■ **Material provided**:
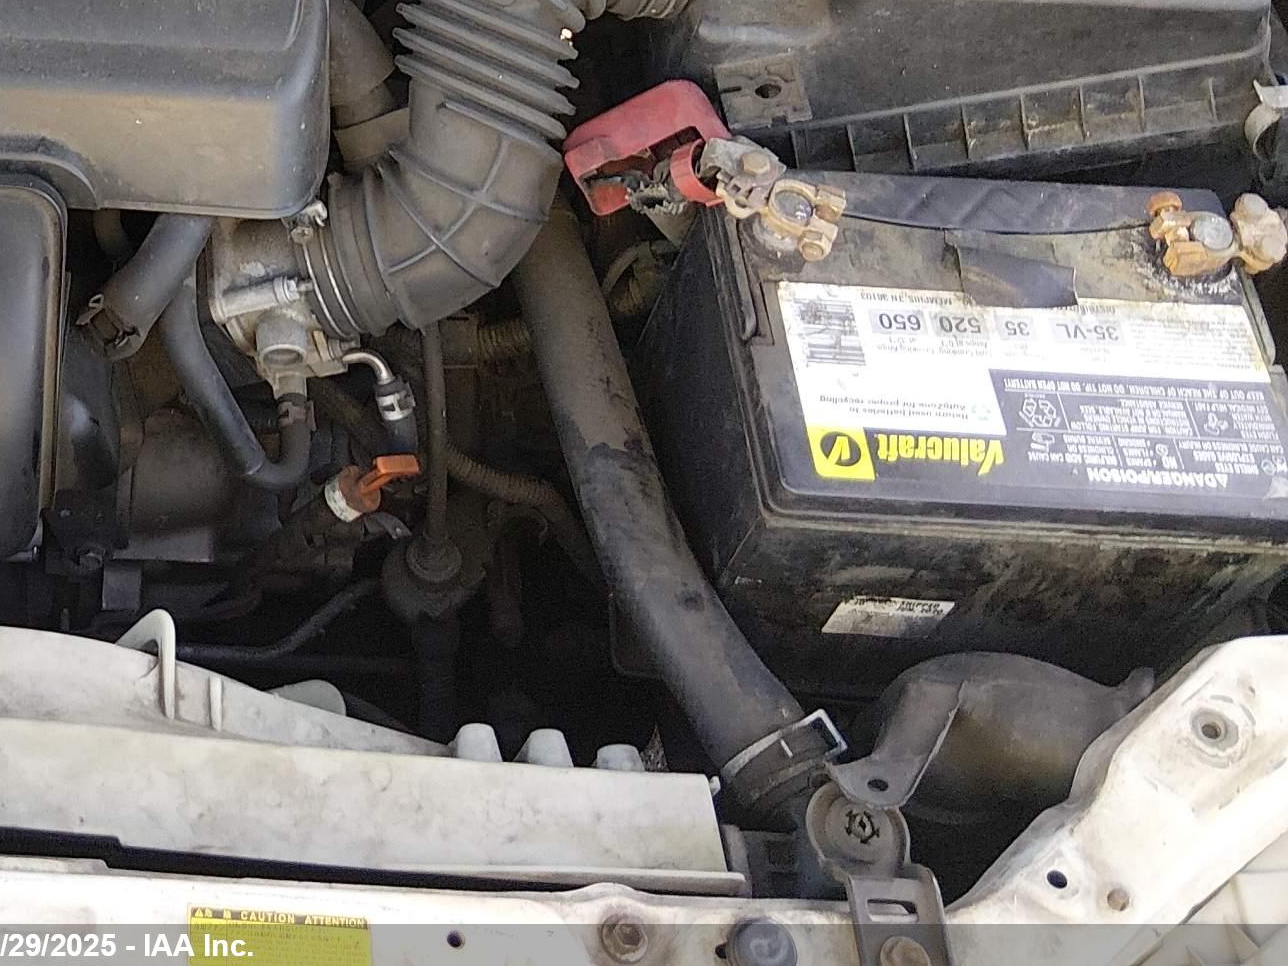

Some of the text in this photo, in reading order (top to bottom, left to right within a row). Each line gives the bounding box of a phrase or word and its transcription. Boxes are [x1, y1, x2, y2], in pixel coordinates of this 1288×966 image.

[878, 313, 1119, 341] 35-VL 35 520 650
[1036, 380, 1056, 390] OPEN
[1056, 380, 1070, 390] NOT
[1096, 383, 1112, 393] NOT
[1113, 384, 1124, 394] DO
[1202, 388, 1217, 398] THE
[1230, 390, 1245, 400] OUT
[876, 433, 1004, 476] Valucraft
[1050, 452, 1064, 463] CAN
[1161, 455, 1178, 469] NO
[1214, 462, 1234, 474] EYES
[1086, 466, 1218, 488] DANGER/POISON
[240, 911, 296, 924] CAUTION
[304, 914, 364, 928] ATTENTION
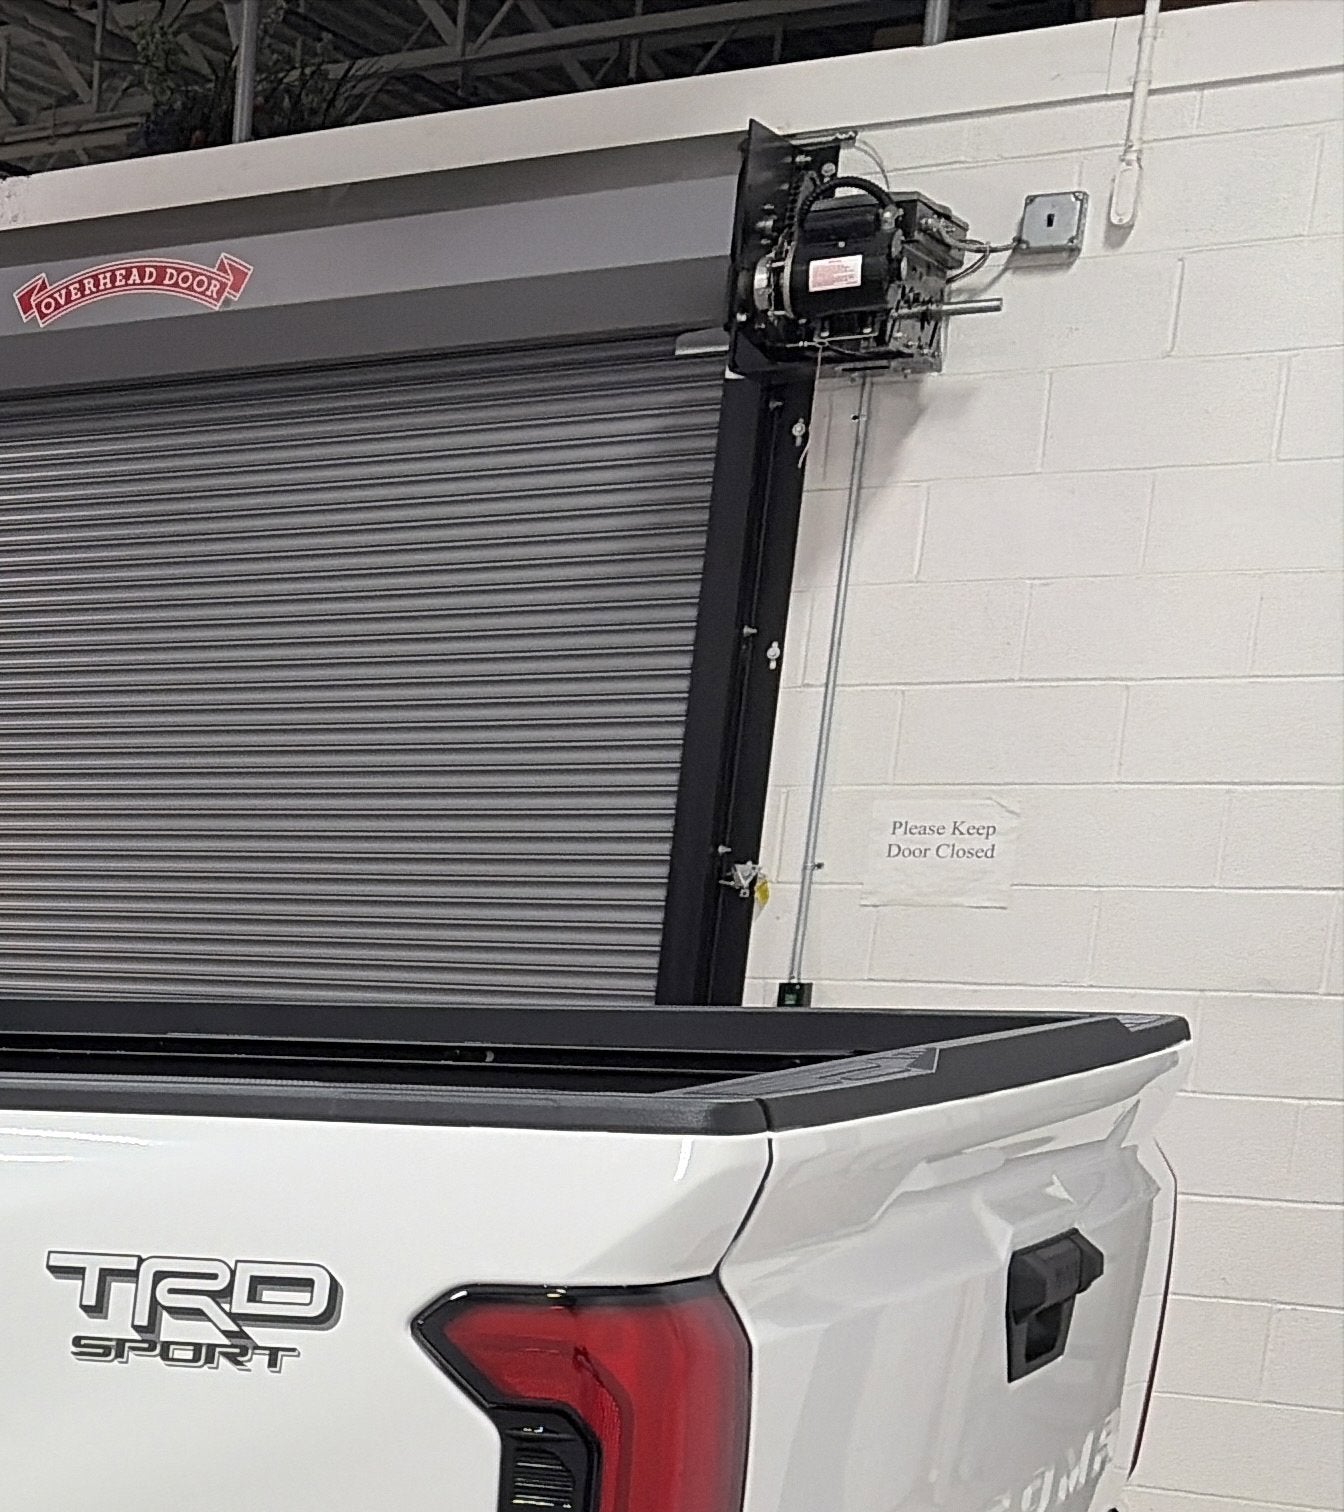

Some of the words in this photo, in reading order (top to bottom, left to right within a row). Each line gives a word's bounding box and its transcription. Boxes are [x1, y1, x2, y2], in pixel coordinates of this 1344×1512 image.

[40, 266, 157, 314] OVERHEAD
[163, 268, 221, 299] DOOR
[890, 820, 946, 836] Please
[950, 820, 997, 840] Keep
[886, 843, 931, 858] Door
[935, 843, 996, 859] Closed
[46, 1250, 344, 1346] TRD
[70, 1335, 301, 1373] SPORT

■ **Prompt**: Drop the images, then copy the data exactly.

■ **Answer to this exercise**:
Some of the text in this photo, in reading order (top to bottom, left to right within a row). Each line gives the bounding box of a phrase or word and its transcription. Boxes are [x1, y1, x2, y2], in pixel coordinates of this 1288×966 image.

[878, 313, 1119, 341] 35-VL 35 520 650
[1036, 380, 1056, 390] OPEN
[1056, 380, 1070, 390] NOT
[1096, 383, 1112, 393] NOT
[1113, 384, 1124, 394] DO
[1202, 388, 1217, 398] THE
[1230, 390, 1245, 400] OUT
[876, 433, 1004, 476] Valucraft
[1050, 452, 1064, 463] CAN
[1161, 455, 1178, 469] NO
[1214, 462, 1234, 474] EYES
[1086, 466, 1218, 488] DANGER/POISON
[240, 911, 296, 924] CAUTION
[304, 914, 364, 928] ATTENTION

Some of the words in this photo, in reading order (top to bottom, left to right within a row). Each line gives a word's bounding box and its transcription. Boxes are [x1, y1, x2, y2], in pixel coordinates of this 1344×1512 image.

[40, 266, 157, 314] OVERHEAD
[163, 268, 221, 299] DOOR
[890, 820, 946, 836] Please
[950, 820, 997, 840] Keep
[886, 843, 931, 858] Door
[935, 843, 996, 859] Closed
[46, 1250, 344, 1346] TRD
[70, 1335, 301, 1373] SPORT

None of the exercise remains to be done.